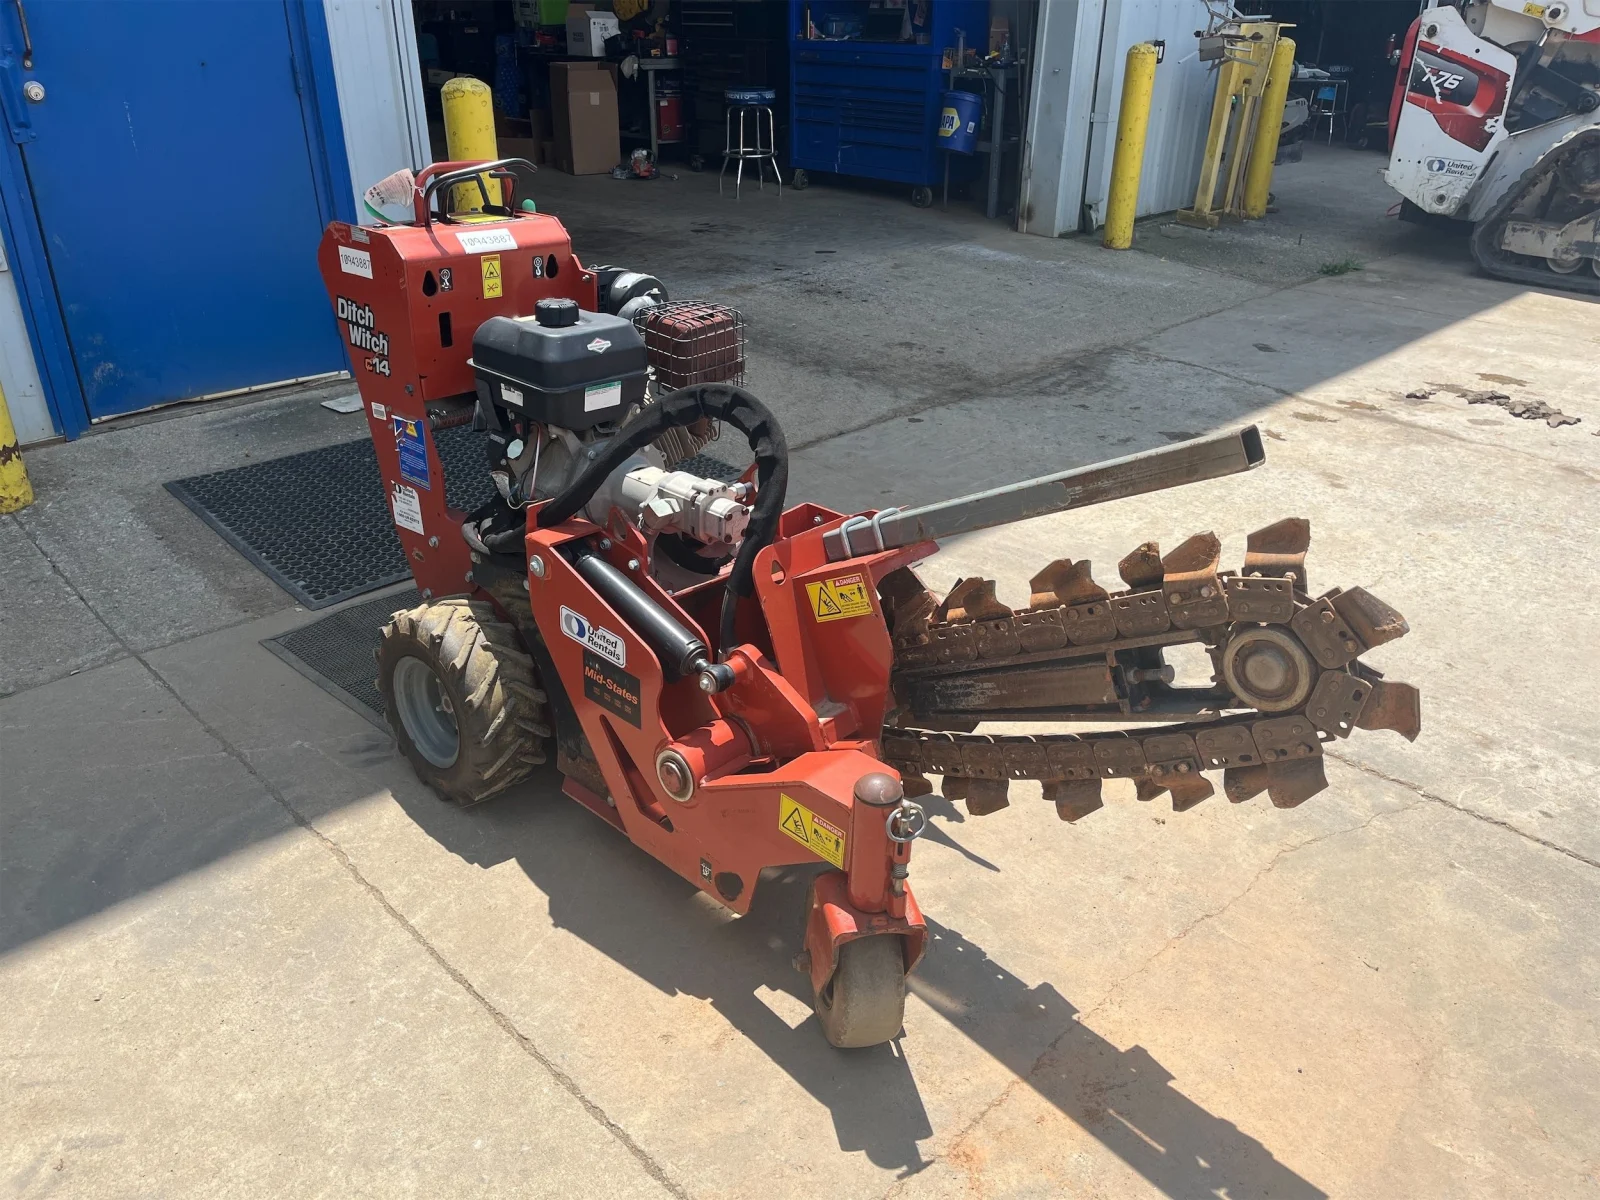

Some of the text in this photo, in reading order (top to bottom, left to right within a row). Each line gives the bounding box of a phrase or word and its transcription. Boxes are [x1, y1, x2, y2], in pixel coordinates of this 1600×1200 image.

[1447, 161, 1473, 170] United
[462, 234, 512, 247] 10943887
[340, 253, 371, 270] 10943887
[337, 296, 374, 328] Ditch
[348, 323, 388, 356] Witch
[840, 576, 861, 586] DANGER
[587, 625, 618, 649] United
[587, 636, 621, 660] Rentals
[584, 666, 638, 705] Mid-States
[819, 818, 843, 838] DANGER
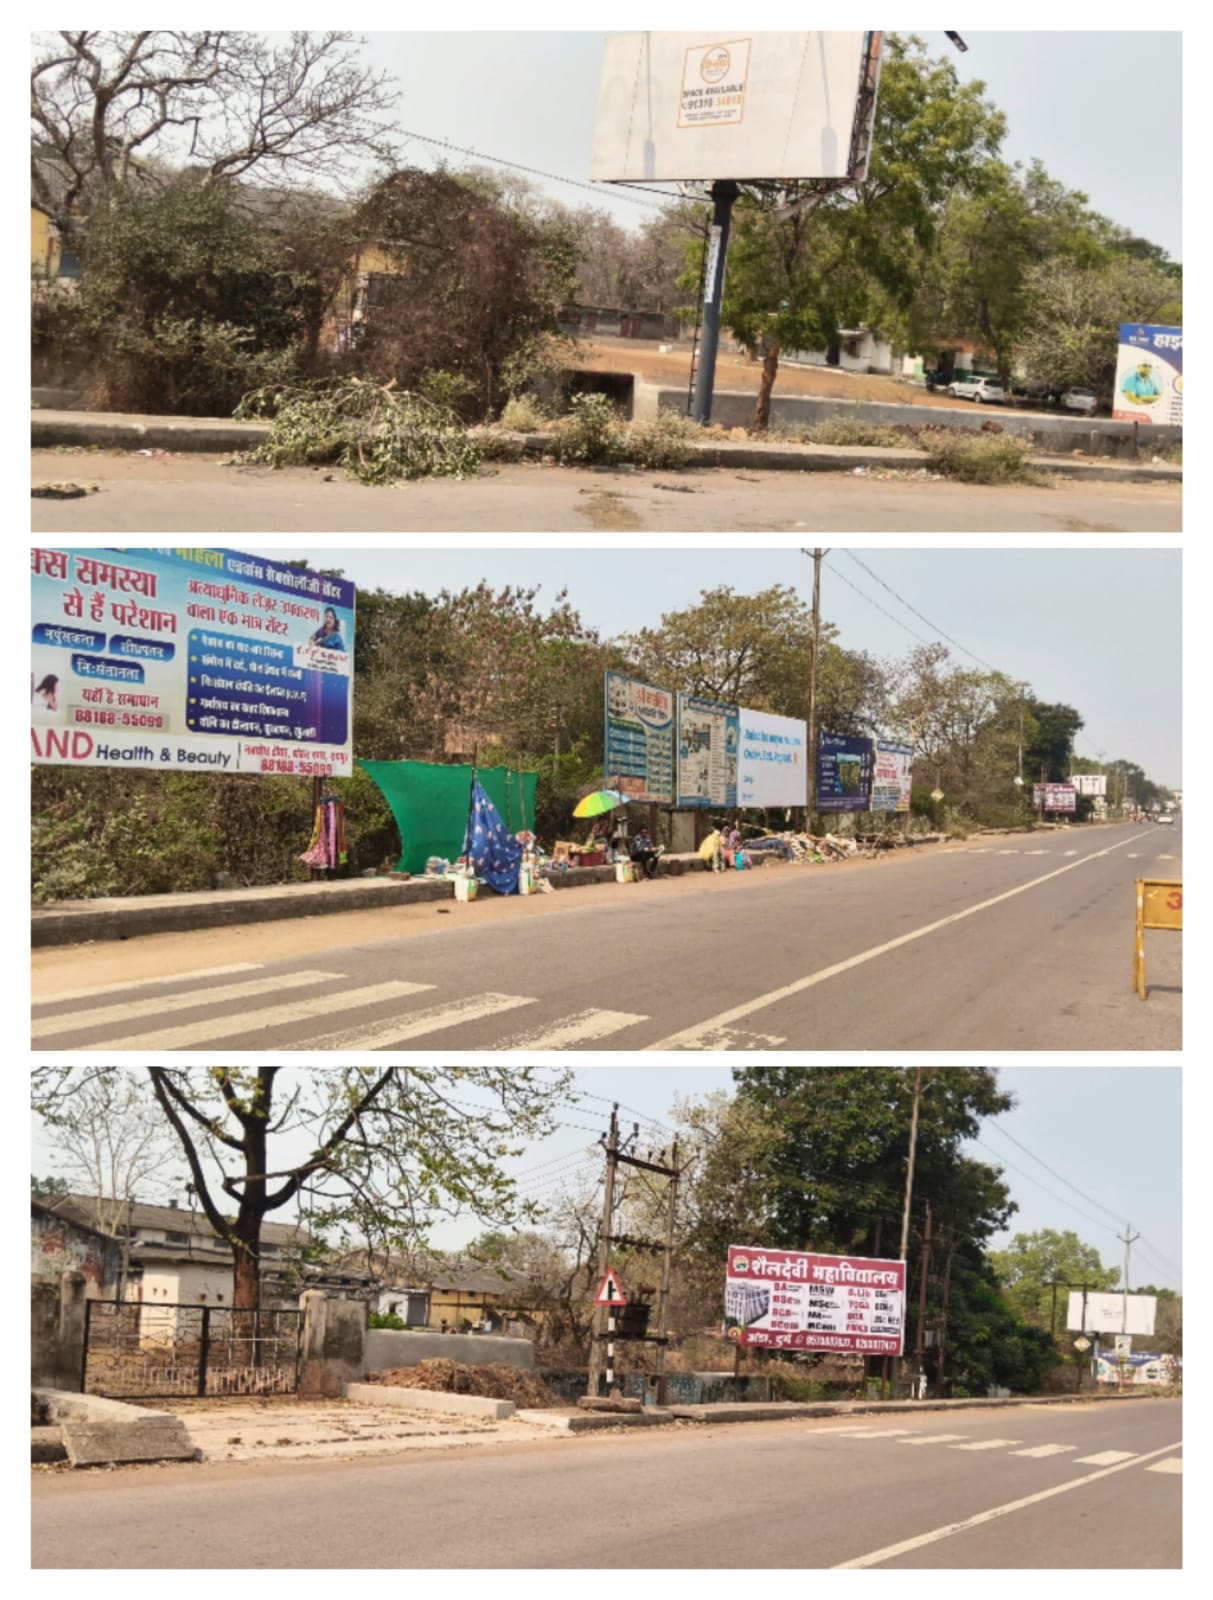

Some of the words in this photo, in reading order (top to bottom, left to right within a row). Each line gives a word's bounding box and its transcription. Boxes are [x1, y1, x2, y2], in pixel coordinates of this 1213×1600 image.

[705, 83, 743, 96] AVAILABLE
[75, 556, 158, 597] समस्या
[62, 586, 83, 618] से
[90, 591, 106, 623] हैं
[110, 598, 177, 634] परेशान
[187, 579, 249, 605] अत्याधुनिक
[280, 599, 320, 622] उपकरण
[186, 601, 215, 621] वाला
[218, 608, 238, 626] एक
[241, 614, 262, 631] मात्र
[44, 627, 95, 647] नपुंसकता
[118, 692, 159, 709] समाधान
[96, 744, 154, 760] Health
[160, 747, 171, 762] &
[177, 747, 231, 768] Beauty
[751, 1255, 808, 1280] शैलदेवी
[812, 1263, 898, 1286] महाविद्यालय

=== What you should do ===
Go through the material above and retype every line exactly, without the images.

=== Task response ===
Some of the text in this photo, in reading order (top to bottom, left to right within a row). Each line gives the bounding box of a phrase or word and its transcription. Boxes are [x1, y1, x2, y2], in pixel coordinates of this 1600×1200 image.

[1447, 161, 1473, 170] United
[462, 234, 512, 247] 10943887
[340, 253, 371, 270] 10943887
[337, 296, 374, 328] Ditch
[348, 323, 388, 356] Witch
[840, 576, 861, 586] DANGER
[587, 625, 618, 649] United
[587, 636, 621, 660] Rentals
[584, 666, 638, 705] Mid-States
[819, 818, 843, 838] DANGER

Some of the words in this photo, in reading order (top to bottom, left to right within a row). Each line gives a word's bounding box and its transcription. Boxes are [x1, y1, x2, y2], in pixel coordinates of this 1213×1600 image.

[705, 83, 743, 96] AVAILABLE
[75, 556, 158, 597] समस्या
[62, 586, 83, 618] से
[90, 591, 106, 623] हैं
[110, 598, 177, 634] परेशान
[187, 579, 249, 605] अत्याधुनिक
[280, 599, 320, 622] उपकरण
[186, 601, 215, 621] वाला
[218, 608, 238, 626] एक
[241, 614, 262, 631] मात्र
[44, 627, 95, 647] नपुंसकता
[118, 692, 159, 709] समाधान
[96, 744, 154, 760] Health
[160, 747, 171, 762] &
[177, 747, 231, 768] Beauty
[751, 1255, 808, 1280] शैलदेवी
[812, 1263, 898, 1286] महाविद्यालय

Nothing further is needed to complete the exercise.